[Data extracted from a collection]
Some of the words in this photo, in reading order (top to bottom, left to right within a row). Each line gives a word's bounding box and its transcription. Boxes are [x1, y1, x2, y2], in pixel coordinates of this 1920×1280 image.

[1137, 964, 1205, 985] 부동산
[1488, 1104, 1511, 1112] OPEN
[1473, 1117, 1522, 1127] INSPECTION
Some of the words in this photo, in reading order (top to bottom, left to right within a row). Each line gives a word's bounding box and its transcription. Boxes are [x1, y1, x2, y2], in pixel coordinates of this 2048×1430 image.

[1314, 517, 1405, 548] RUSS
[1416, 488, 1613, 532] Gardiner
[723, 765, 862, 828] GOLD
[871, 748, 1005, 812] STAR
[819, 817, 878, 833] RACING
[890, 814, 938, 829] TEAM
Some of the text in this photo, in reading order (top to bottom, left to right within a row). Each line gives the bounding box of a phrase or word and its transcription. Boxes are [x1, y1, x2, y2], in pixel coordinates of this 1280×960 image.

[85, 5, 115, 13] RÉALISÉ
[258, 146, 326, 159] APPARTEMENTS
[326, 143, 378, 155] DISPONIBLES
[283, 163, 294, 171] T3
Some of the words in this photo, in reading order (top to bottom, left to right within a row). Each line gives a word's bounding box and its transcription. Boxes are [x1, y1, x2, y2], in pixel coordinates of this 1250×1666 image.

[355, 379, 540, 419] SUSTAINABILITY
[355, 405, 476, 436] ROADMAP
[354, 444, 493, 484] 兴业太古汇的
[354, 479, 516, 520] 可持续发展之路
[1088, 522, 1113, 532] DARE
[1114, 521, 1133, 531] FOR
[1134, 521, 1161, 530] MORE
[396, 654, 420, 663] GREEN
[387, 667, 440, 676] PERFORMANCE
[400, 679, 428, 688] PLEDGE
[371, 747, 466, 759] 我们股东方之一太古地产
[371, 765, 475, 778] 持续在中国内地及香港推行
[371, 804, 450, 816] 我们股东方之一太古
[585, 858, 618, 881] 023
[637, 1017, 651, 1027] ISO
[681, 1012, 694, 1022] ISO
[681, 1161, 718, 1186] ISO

• **What the exercise asks**: Set down each record verbatim.

• **Problem solution**:
Some of the words in this photo, in reading order (top to bottom, left to right within a row). Each line gives a word's bounding box and its transcription. Boxes are [x1, y1, x2, y2], in pixel coordinates of this 1920×1280 image.

[1137, 964, 1205, 985] 부동산
[1488, 1104, 1511, 1112] OPEN
[1473, 1117, 1522, 1127] INSPECTION
Some of the words in this photo, in reading order (top to bottom, left to right within a row). Each line gives a word's bounding box and its transcription. Boxes are [x1, y1, x2, y2], in pixel coordinates of this 2048×1430 image.

[1314, 517, 1405, 548] RUSS
[1416, 488, 1613, 532] Gardiner
[723, 765, 862, 828] GOLD
[871, 748, 1005, 812] STAR
[819, 817, 878, 833] RACING
[890, 814, 938, 829] TEAM
Some of the text in this photo, in reading order (top to bottom, left to right within a row). Each line gives the bounding box of a phrase or word and its transcription. Boxes are [x1, y1, x2, y2], in pixel coordinates of this 1280×960 image.

[85, 5, 115, 13] RÉALISÉ
[258, 146, 326, 159] APPARTEMENTS
[326, 143, 378, 155] DISPONIBLES
[283, 163, 294, 171] T3
Some of the words in this photo, in reading order (top to bottom, left to right within a row). Each line gives a word's bounding box and its transcription. Boxes are [x1, y1, x2, y2], in pixel coordinates of this 1250×1666 image.

[355, 379, 540, 419] SUSTAINABILITY
[355, 405, 476, 436] ROADMAP
[354, 444, 493, 484] 兴业太古汇的
[354, 479, 516, 520] 可持续发展之路
[1088, 522, 1113, 532] DARE
[1114, 521, 1133, 531] FOR
[1134, 521, 1161, 530] MORE
[396, 654, 420, 663] GREEN
[387, 667, 440, 676] PERFORMANCE
[400, 679, 428, 688] PLEDGE
[371, 747, 466, 759] 我们股东方之一太古地产
[371, 765, 475, 778] 持续在中国内地及香港推行
[371, 804, 450, 816] 我们股东方之一太古
[585, 858, 618, 881] 023
[637, 1017, 651, 1027] ISO
[681, 1012, 694, 1022] ISO
[681, 1161, 718, 1186] ISO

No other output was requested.